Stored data
Content starts

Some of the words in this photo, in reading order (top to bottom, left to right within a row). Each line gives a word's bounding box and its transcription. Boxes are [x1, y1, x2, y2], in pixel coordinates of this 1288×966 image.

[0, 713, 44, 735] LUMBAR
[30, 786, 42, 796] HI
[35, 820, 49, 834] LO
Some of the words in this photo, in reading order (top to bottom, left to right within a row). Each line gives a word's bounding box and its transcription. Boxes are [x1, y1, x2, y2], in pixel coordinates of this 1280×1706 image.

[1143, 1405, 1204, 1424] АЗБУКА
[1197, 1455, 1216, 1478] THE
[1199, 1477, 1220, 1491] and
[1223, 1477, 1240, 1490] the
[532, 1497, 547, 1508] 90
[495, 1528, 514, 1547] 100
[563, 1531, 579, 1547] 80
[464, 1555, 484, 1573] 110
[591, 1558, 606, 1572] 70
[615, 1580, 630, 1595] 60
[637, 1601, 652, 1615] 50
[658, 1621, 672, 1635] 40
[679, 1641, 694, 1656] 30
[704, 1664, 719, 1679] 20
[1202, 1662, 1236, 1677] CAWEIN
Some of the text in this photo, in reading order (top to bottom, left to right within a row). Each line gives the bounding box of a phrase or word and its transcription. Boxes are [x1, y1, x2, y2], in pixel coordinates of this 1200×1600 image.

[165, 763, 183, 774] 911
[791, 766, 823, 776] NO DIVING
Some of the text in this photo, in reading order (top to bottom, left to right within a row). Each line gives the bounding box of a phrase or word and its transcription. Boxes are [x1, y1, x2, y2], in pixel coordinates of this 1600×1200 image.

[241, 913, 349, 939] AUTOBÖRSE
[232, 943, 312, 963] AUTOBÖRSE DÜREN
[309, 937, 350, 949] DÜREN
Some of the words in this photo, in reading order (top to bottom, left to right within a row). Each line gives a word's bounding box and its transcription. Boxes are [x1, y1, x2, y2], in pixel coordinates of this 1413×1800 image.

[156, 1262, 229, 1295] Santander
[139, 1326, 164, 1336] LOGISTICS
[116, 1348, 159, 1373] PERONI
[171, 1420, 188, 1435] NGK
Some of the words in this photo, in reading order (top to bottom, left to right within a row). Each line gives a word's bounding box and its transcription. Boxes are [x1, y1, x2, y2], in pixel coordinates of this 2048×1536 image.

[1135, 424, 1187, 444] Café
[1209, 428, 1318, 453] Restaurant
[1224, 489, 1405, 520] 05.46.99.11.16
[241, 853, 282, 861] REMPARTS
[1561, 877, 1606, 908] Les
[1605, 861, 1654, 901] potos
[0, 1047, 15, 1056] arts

Content ends

Retype the data precisely.

* [Solution for this exercise]:
Some of the words in this photo, in reading order (top to bottom, left to right within a row). Each line gives a word's bounding box and its transcription. Boxes are [x1, y1, x2, y2], in pixel coordinates of this 1288×966 image.

[0, 713, 44, 735] LUMBAR
[30, 786, 42, 796] HI
[35, 820, 49, 834] LO
Some of the words in this photo, in reading order (top to bottom, left to right within a row). Each line gives a word's bounding box and its transcription. Boxes are [x1, y1, x2, y2], in pixel coordinates of this 1280×1706 image.

[1143, 1405, 1204, 1424] АЗБУКА
[1197, 1455, 1216, 1478] THE
[1199, 1477, 1220, 1491] and
[1223, 1477, 1240, 1490] the
[532, 1497, 547, 1508] 90
[495, 1528, 514, 1547] 100
[563, 1531, 579, 1547] 80
[464, 1555, 484, 1573] 110
[591, 1558, 606, 1572] 70
[615, 1580, 630, 1595] 60
[637, 1601, 652, 1615] 50
[658, 1621, 672, 1635] 40
[679, 1641, 694, 1656] 30
[704, 1664, 719, 1679] 20
[1202, 1662, 1236, 1677] CAWEIN
Some of the text in this photo, in reading order (top to bottom, left to right within a row). Each line gives the bounding box of a phrase or word and its transcription. Boxes are [x1, y1, x2, y2], in pixel coordinates of this 1200×1600 image.

[165, 763, 183, 774] 911
[791, 766, 823, 776] NO DIVING
Some of the text in this photo, in reading order (top to bottom, left to right within a row). Each line gives the bounding box of a phrase or word and its transcription. Boxes are [x1, y1, x2, y2], in pixel coordinates of this 1600×1200 image.

[241, 913, 349, 939] AUTOBÖRSE
[232, 943, 312, 963] AUTOBÖRSE DÜREN
[309, 937, 350, 949] DÜREN
Some of the words in this photo, in reading order (top to bottom, left to right within a row). Each line gives a word's bounding box and its transcription. Boxes are [x1, y1, x2, y2], in pixel coordinates of this 1413×1800 image.

[156, 1262, 229, 1295] Santander
[139, 1326, 164, 1336] LOGISTICS
[116, 1348, 159, 1373] PERONI
[171, 1420, 188, 1435] NGK
Some of the words in this photo, in reading order (top to bottom, left to right within a row). Each line gives a word's bounding box and its transcription. Boxes are [x1, y1, x2, y2], in pixel coordinates of this 2048×1536 image.

[1135, 424, 1187, 444] Café
[1209, 428, 1318, 453] Restaurant
[1224, 489, 1405, 520] 05.46.99.11.16
[241, 853, 282, 861] REMPARTS
[1561, 877, 1606, 908] Les
[1605, 861, 1654, 901] potos
[0, 1047, 15, 1056] arts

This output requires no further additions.